As 21st century football has emerged into one of the most attended sports, it is not only standard, rather it is required to wear the approved plastic helmets. Although football players are depicted as the most physically in-shape and elite, a recent study shows that the glamorous lives of the players are short lived not long after retirement.
Due to the amount of head on tackles and collisions, the safety of players has become jeopardized. Many players face an occasional confusion from a tackle but these injuries build up. The enormous amount of unregulated helmets or refurbished helmets isn’t safe and puts the status of players’ head safety at risk. Since pain and injury build up, lifelong effects can be hindering mentally and physically.
The pain is so enormous that some professional and collegiate athletes take pain killers before playing. As unhealthy as that may seem it kills the pain and adds on to the pain and longterm effects because it enables the players to hit harder and play with more aggression and no pain. Building up pain leads to dangerous and possibly lethal bursts.
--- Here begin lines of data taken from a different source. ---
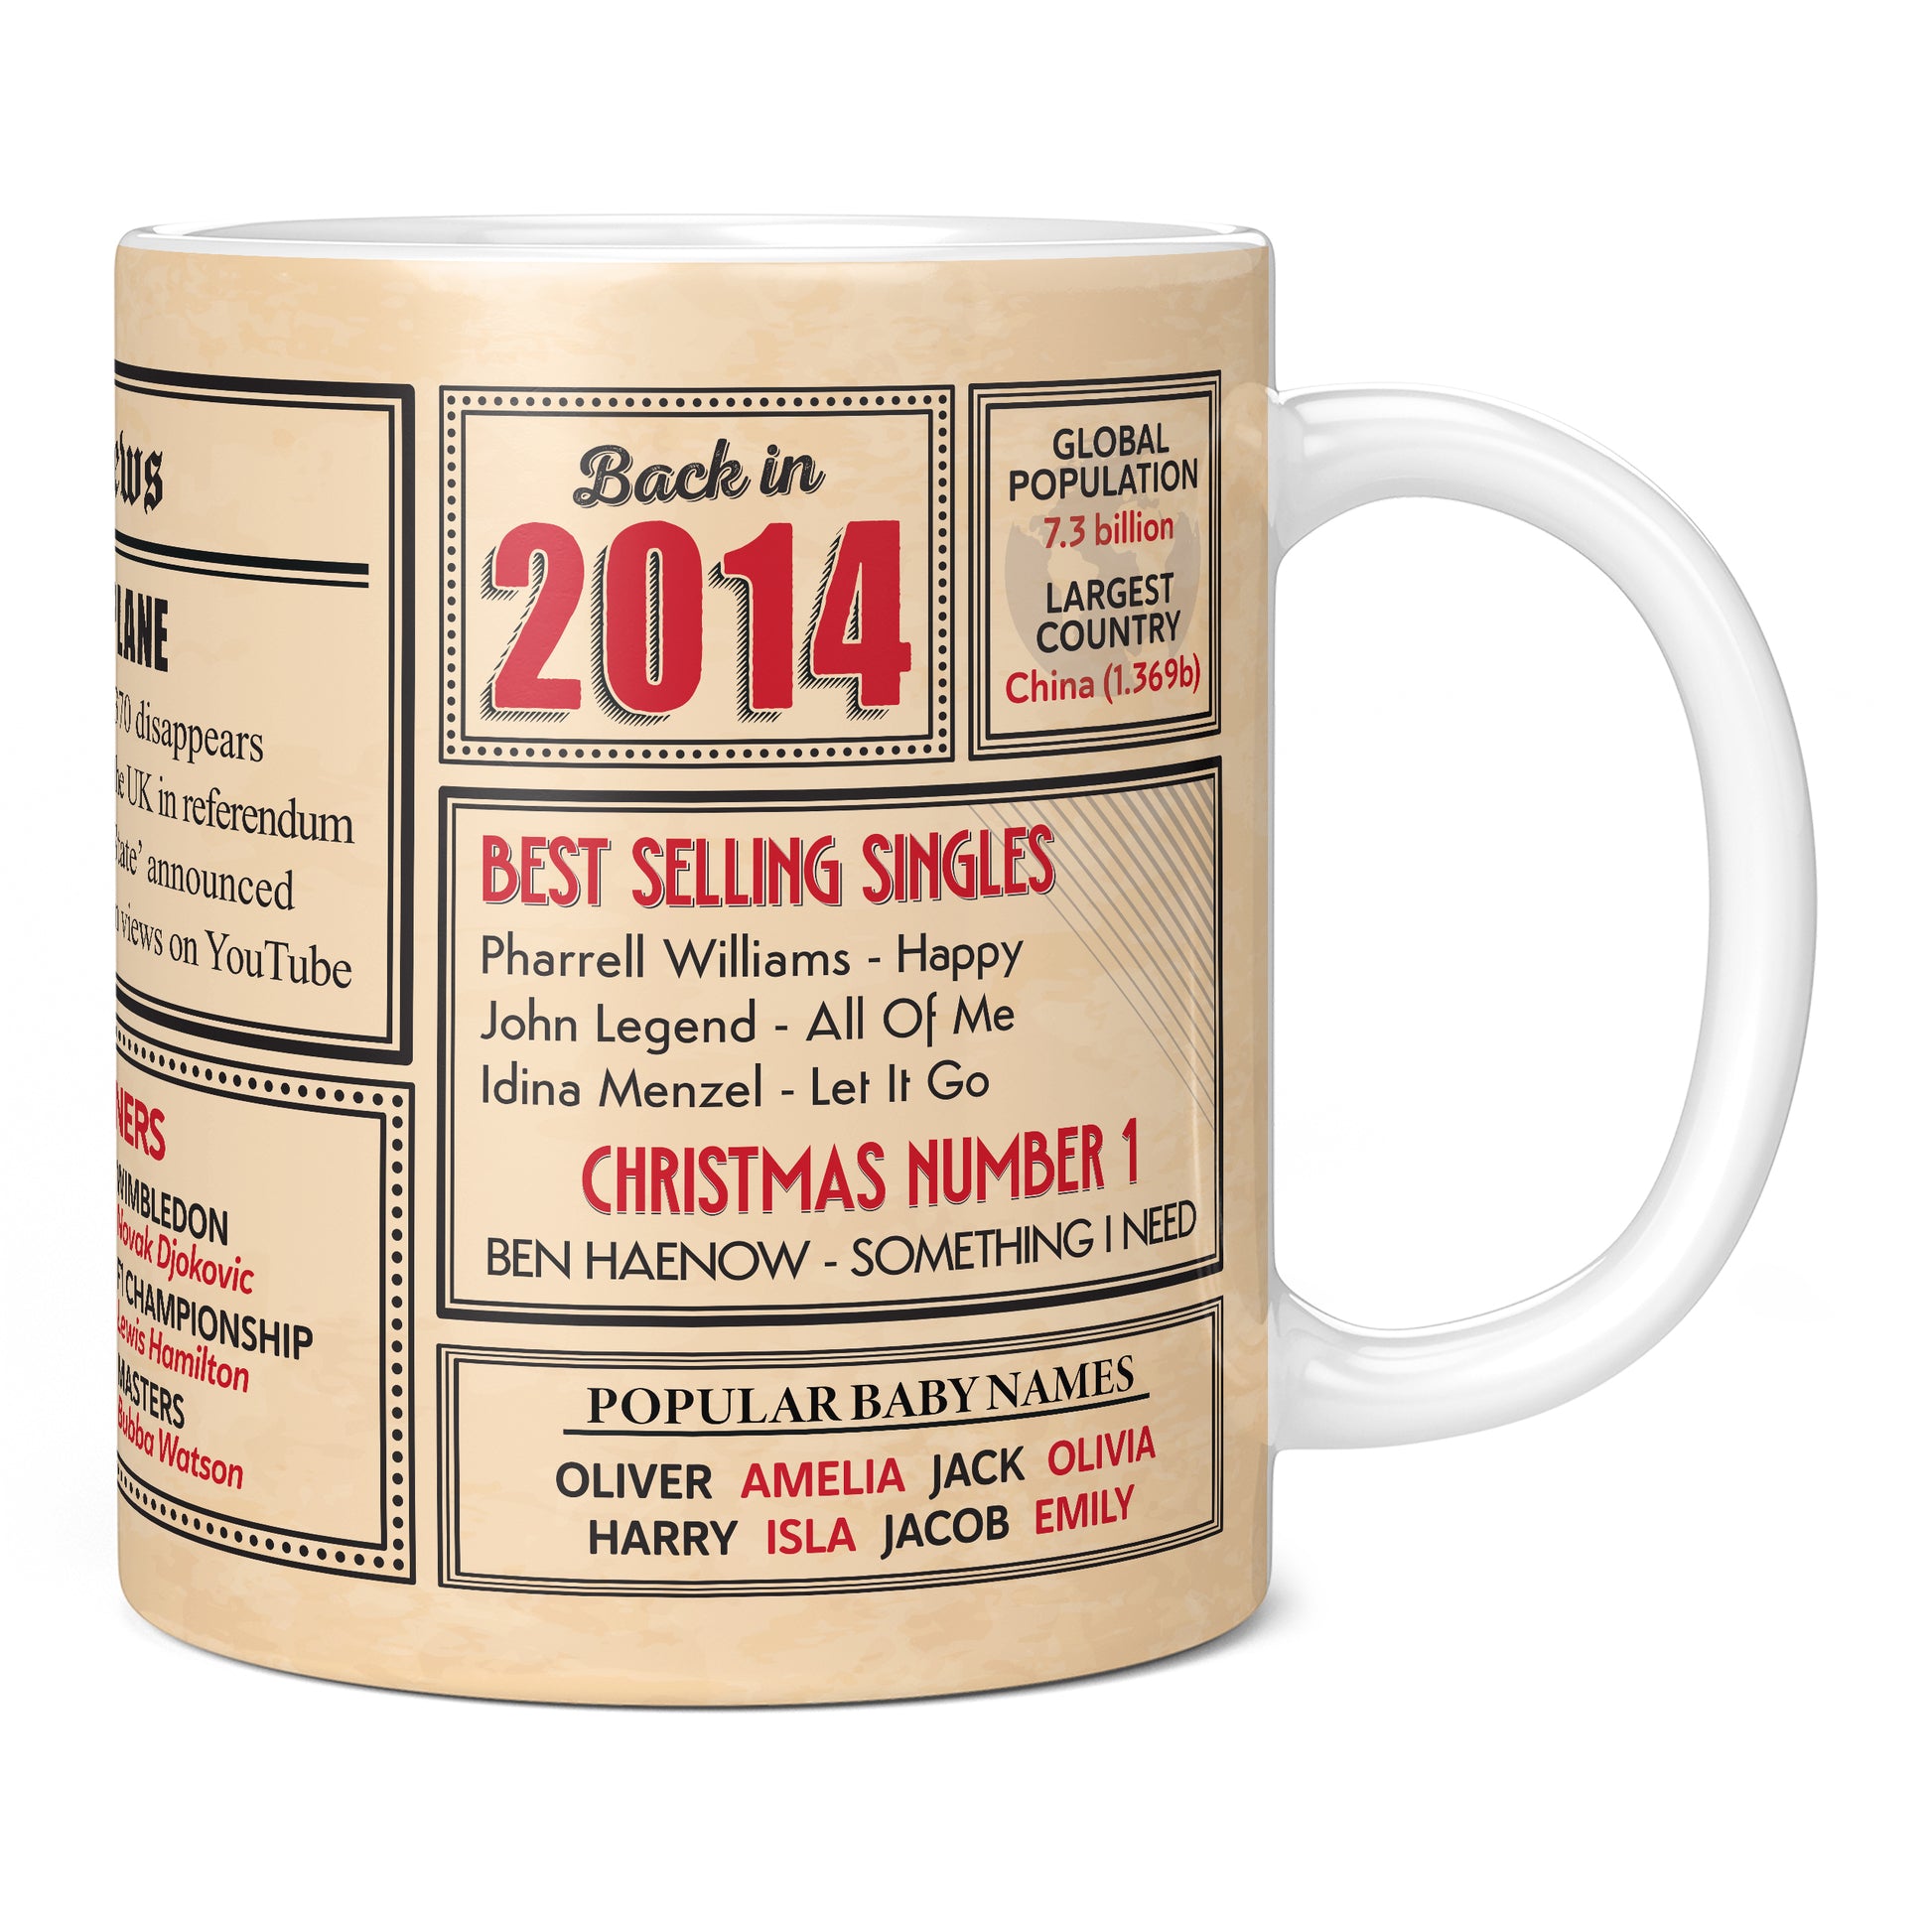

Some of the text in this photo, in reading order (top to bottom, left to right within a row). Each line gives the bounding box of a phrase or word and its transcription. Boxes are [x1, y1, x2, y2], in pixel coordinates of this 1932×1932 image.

[572, 438, 827, 509] Back in
[1009, 457, 1198, 502] POPULATION
[1052, 422, 1171, 461] GLOBAL
[1043, 509, 1174, 549] 7.3 billion
[114, 584, 169, 673] LANE
[481, 519, 912, 727] 2014
[1035, 609, 1181, 654] COUNTRY
[1046, 571, 1174, 615] LARGEST
[1005, 651, 1201, 705] China (1.369b)
[135, 699, 264, 764] disappears
[126, 764, 154, 813] UK
[158, 775, 179, 820] in
[182, 786, 355, 844] referendum
[147, 856, 295, 911] announced
[482, 823, 1056, 909] BEST SELLING SINGLES
[120, 902, 163, 956] views
[169, 933, 200, 967] on
[204, 929, 352, 989] YouTube
[483, 930, 644, 978] Pharrell
[662, 932, 851, 979] Williams
[897, 932, 1025, 982] Happy
[480, 996, 577, 1042] John
[597, 998, 756, 1055] Legend
[805, 995, 864, 1041] All
[883, 991, 937, 1048] Of
[952, 993, 1015, 1035] Me
[483, 1060, 580, 1107] Idina
[599, 1062, 761, 1108] Menzel
[812, 1066, 871, 1106] Let
[889, 1063, 911, 1103] It
[927, 1059, 990, 1101] Go
[116, 1159, 228, 1247] WIMBLEDON
[582, 1117, 1138, 1217] CHRISTMAS NUMBER 1
[116, 1202, 255, 1296] Novak Djokovic
[487, 1237, 571, 1280] BEN
[586, 1240, 811, 1282] HAENOW
[850, 1216, 1094, 1278] SOMETHING
[1105, 1214, 1112, 1253] I
[1123, 1199, 1197, 1250] NEED
[116, 1297, 250, 1394] Lewis Hamilton
[125, 1269, 314, 1361] CHAMPIONSHIP
[117, 1351, 186, 1430] MASTERS
[587, 1354, 1135, 1425] POPULAR BABY NAMES
[117, 1394, 244, 1490] Bubba Watson
[555, 1425, 1157, 1501] OLIVER AMELIA JACK OLIVIA
[589, 1483, 1135, 1561] HARRY ISLA JACOB EMILY
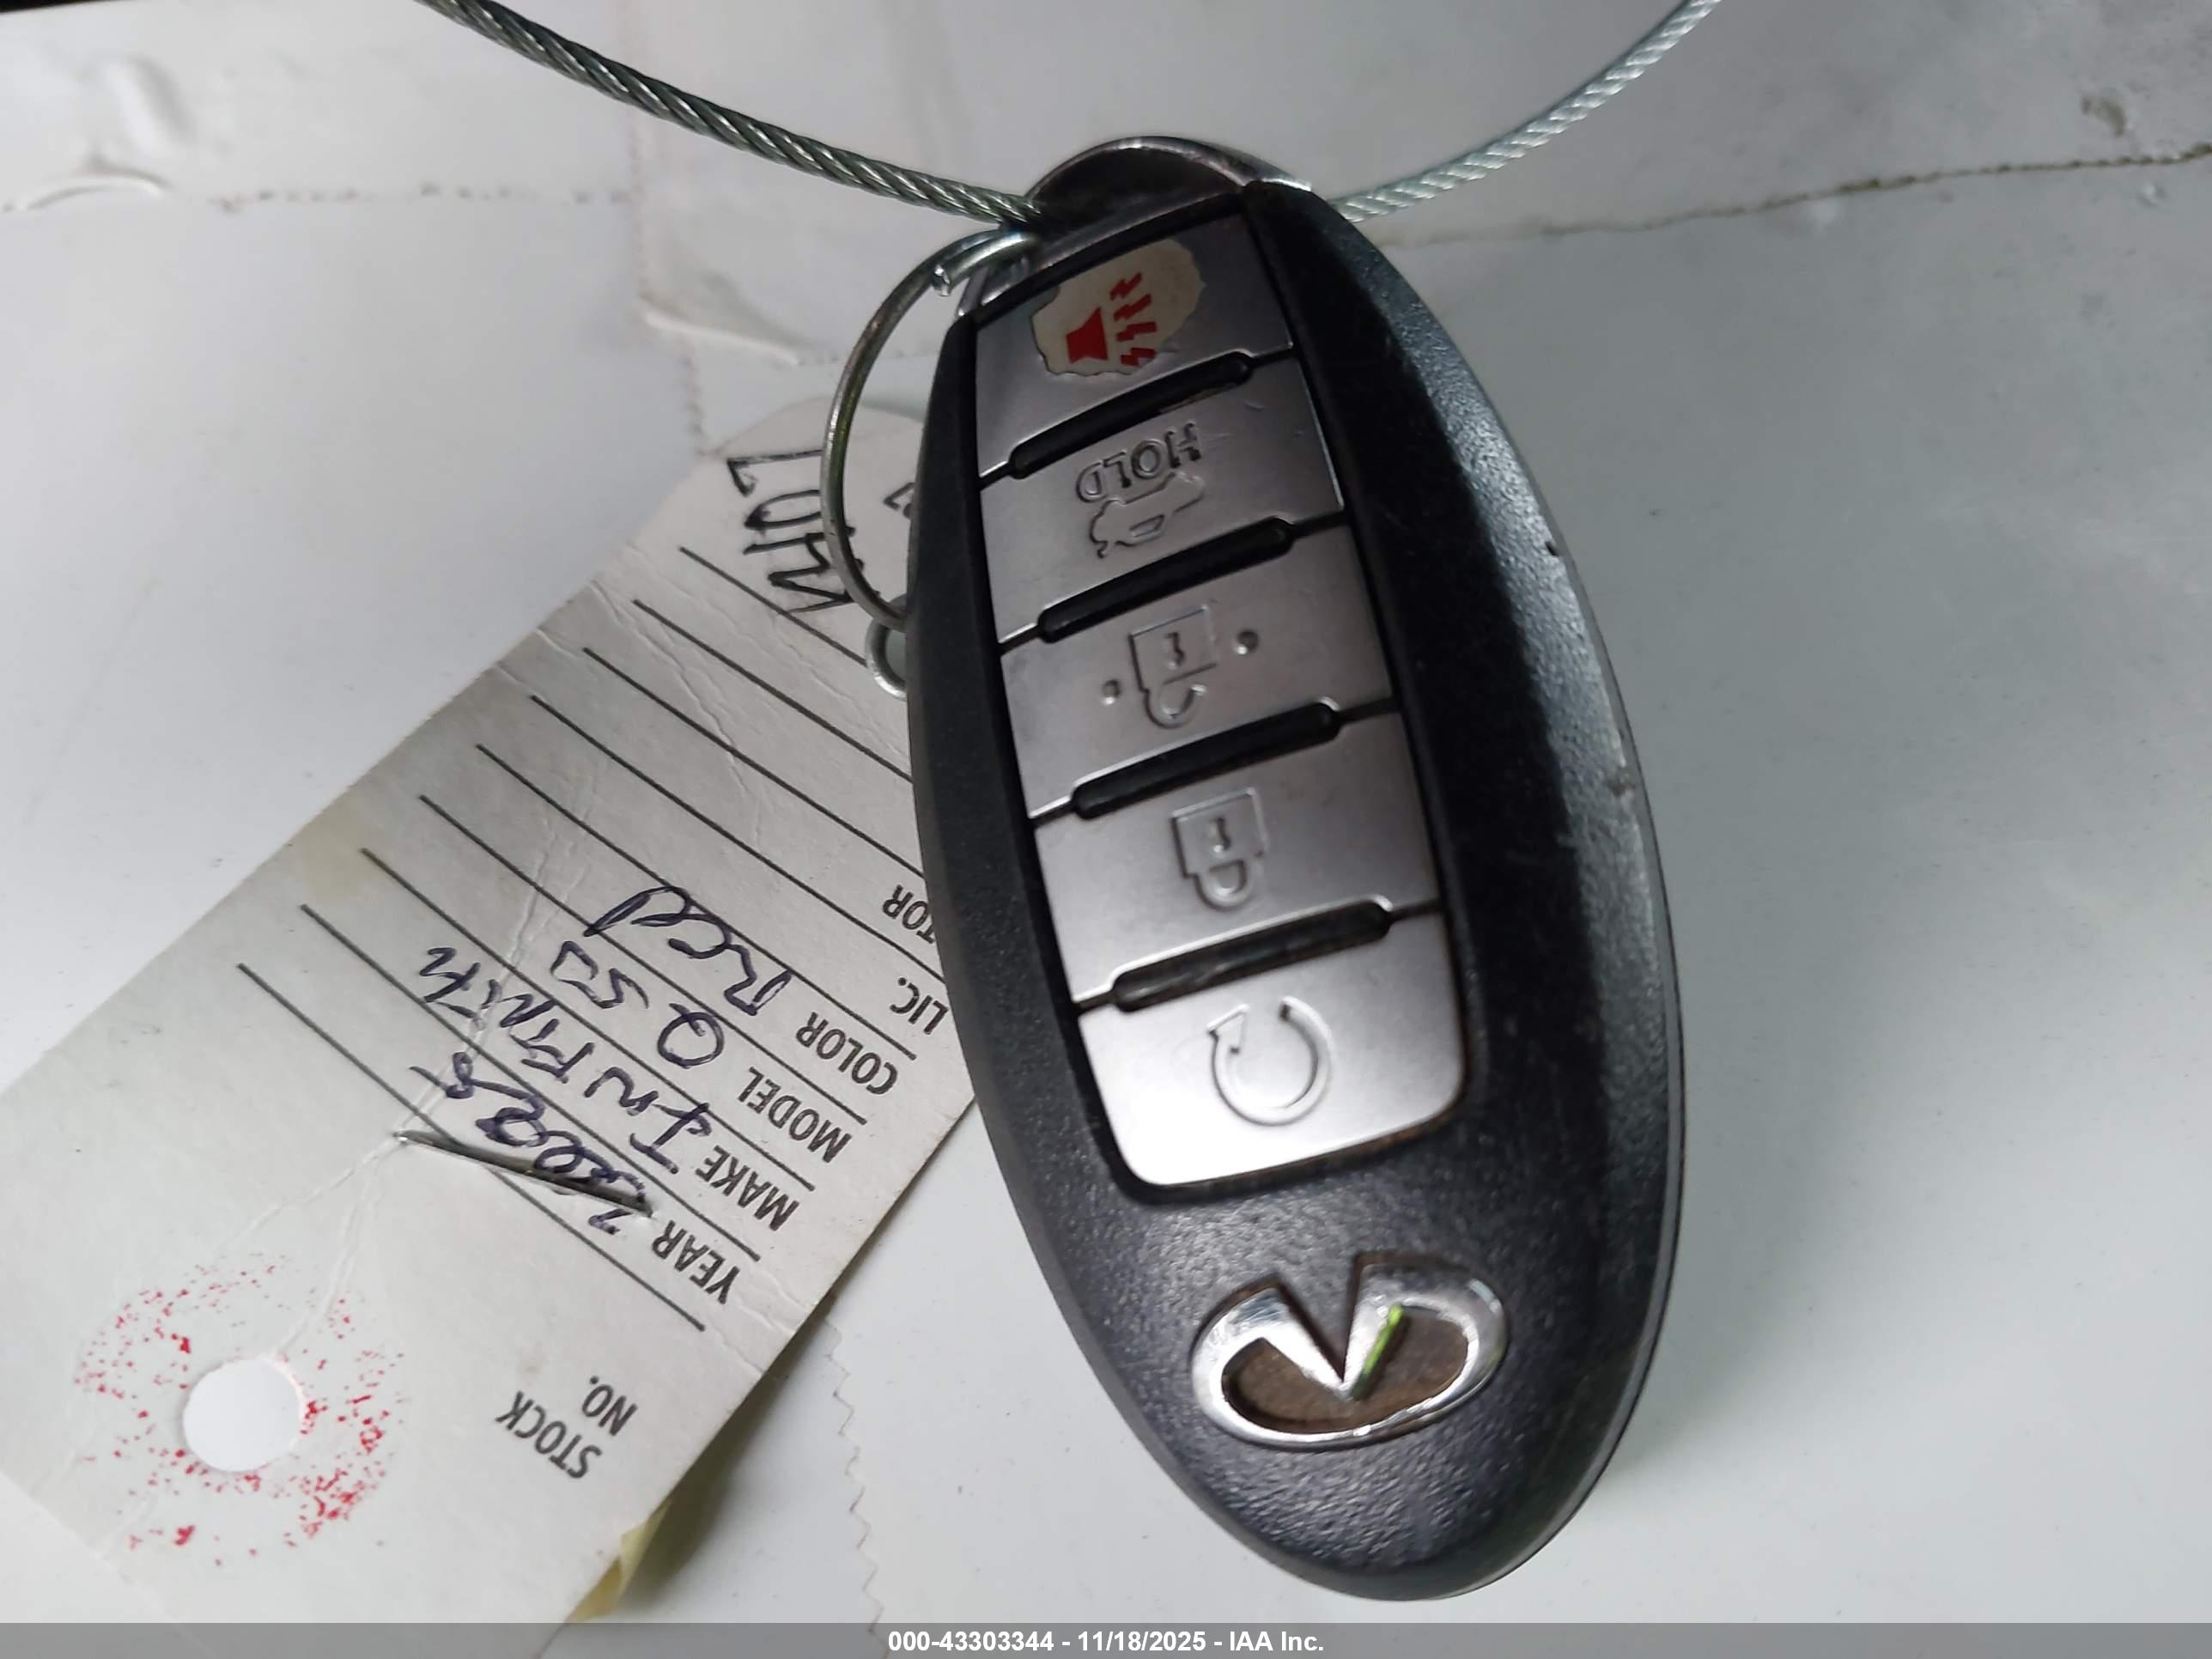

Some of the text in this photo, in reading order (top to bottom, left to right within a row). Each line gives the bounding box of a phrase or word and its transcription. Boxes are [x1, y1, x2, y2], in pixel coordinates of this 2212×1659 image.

The reason professional football players live shorter lives and have serous injuries after their professional careers is because of this built up pain and brain damage. Due to these injuries mostly affecting the brain, cases of Alzheimer’s, a lack of ACh, causes serious memory loss and early death. Different types of Dementia also stem from head injuries due to the loss of brain cells. Moreover, the connection between brain diseases and football is very notable and intriguing, as many are now questioning the safety of the sport for those playing in high school and beyond. If more people knew of the serious long-term side effects from this sport, would people no longer watch? Would they cease to attend games? The continued profit and success of this industry dramatically depends on its popularity. Furthermore, those who continue to spread word of the detriments of this sport may jeopardize the business and possibly the livelihood of the conglomerate heads of the NFL.
In my opinion, more individuals should know the danger the players are getting themselves into and question whether the sport should truly stay as one of the American pastimes, or be deemed as a form of barbarity.
Elliot Cohen is a Staff Writer for Pulse Magazine.